(Task instructions): Restate each of the lines given below, word for word.

[Data records]
%%
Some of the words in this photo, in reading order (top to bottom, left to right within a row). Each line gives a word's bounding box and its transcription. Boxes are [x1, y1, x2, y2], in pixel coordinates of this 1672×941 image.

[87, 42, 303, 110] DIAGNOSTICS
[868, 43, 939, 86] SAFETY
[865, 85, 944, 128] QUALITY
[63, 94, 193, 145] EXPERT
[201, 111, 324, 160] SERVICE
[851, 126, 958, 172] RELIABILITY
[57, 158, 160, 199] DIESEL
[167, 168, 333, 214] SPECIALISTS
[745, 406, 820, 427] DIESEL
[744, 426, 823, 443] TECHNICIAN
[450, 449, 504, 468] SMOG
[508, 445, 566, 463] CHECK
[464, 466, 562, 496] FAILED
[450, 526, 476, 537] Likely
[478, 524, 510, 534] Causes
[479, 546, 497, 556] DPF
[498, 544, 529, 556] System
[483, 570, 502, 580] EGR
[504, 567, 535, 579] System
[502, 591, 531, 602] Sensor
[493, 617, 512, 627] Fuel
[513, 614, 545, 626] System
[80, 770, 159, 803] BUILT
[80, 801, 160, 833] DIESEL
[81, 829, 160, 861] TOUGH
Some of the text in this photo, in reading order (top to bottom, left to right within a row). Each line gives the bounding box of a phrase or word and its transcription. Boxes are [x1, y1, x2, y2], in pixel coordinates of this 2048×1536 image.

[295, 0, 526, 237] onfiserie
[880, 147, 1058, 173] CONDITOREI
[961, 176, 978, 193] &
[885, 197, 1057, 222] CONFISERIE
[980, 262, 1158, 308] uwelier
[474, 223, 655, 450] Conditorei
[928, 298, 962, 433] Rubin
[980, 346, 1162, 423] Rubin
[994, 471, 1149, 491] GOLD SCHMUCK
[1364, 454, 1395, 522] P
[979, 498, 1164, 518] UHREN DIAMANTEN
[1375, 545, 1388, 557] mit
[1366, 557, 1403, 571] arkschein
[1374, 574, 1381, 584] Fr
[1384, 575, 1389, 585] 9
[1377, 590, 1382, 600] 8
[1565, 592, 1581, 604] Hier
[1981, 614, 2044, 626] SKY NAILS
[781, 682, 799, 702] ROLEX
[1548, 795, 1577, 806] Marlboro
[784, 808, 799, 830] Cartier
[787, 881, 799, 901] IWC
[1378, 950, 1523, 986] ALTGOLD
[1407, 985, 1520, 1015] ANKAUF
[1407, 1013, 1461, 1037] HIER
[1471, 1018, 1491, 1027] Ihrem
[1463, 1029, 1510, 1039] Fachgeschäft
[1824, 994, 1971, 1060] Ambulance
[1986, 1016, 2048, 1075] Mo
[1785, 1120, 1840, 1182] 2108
%%
(Output for this exercise):
Some of the words in this photo, in reading order (top to bottom, left to right within a row). Each line gives a word's bounding box and its transcription. Boxes are [x1, y1, x2, y2], in pixel coordinates of this 1672×941 image.

[87, 42, 303, 110] DIAGNOSTICS
[868, 43, 939, 86] SAFETY
[865, 85, 944, 128] QUALITY
[63, 94, 193, 145] EXPERT
[201, 111, 324, 160] SERVICE
[851, 126, 958, 172] RELIABILITY
[57, 158, 160, 199] DIESEL
[167, 168, 333, 214] SPECIALISTS
[745, 406, 820, 427] DIESEL
[744, 426, 823, 443] TECHNICIAN
[450, 449, 504, 468] SMOG
[508, 445, 566, 463] CHECK
[464, 466, 562, 496] FAILED
[450, 526, 476, 537] Likely
[478, 524, 510, 534] Causes
[479, 546, 497, 556] DPF
[498, 544, 529, 556] System
[483, 570, 502, 580] EGR
[504, 567, 535, 579] System
[502, 591, 531, 602] Sensor
[493, 617, 512, 627] Fuel
[513, 614, 545, 626] System
[80, 770, 159, 803] BUILT
[80, 801, 160, 833] DIESEL
[81, 829, 160, 861] TOUGH
Some of the text in this photo, in reading order (top to bottom, left to right within a row). Each line gives the bounding box of a phrase or word and its transcription. Boxes are [x1, y1, x2, y2], in pixel coordinates of this 2048×1536 image.

[295, 0, 526, 237] onfiserie
[880, 147, 1058, 173] CONDITOREI
[961, 176, 978, 193] &
[885, 197, 1057, 222] CONFISERIE
[980, 262, 1158, 308] uwelier
[474, 223, 655, 450] Conditorei
[928, 298, 962, 433] Rubin
[980, 346, 1162, 423] Rubin
[994, 471, 1149, 491] GOLD SCHMUCK
[1364, 454, 1395, 522] P
[979, 498, 1164, 518] UHREN DIAMANTEN
[1375, 545, 1388, 557] mit
[1366, 557, 1403, 571] arkschein
[1374, 574, 1381, 584] Fr
[1384, 575, 1389, 585] 9
[1377, 590, 1382, 600] 8
[1565, 592, 1581, 604] Hier
[1981, 614, 2044, 626] SKY NAILS
[781, 682, 799, 702] ROLEX
[1548, 795, 1577, 806] Marlboro
[784, 808, 799, 830] Cartier
[787, 881, 799, 901] IWC
[1378, 950, 1523, 986] ALTGOLD
[1407, 985, 1520, 1015] ANKAUF
[1407, 1013, 1461, 1037] HIER
[1471, 1018, 1491, 1027] Ihrem
[1463, 1029, 1510, 1039] Fachgeschäft
[1824, 994, 1971, 1060] Ambulance
[1986, 1016, 2048, 1075] Mo
[1785, 1120, 1840, 1182] 2108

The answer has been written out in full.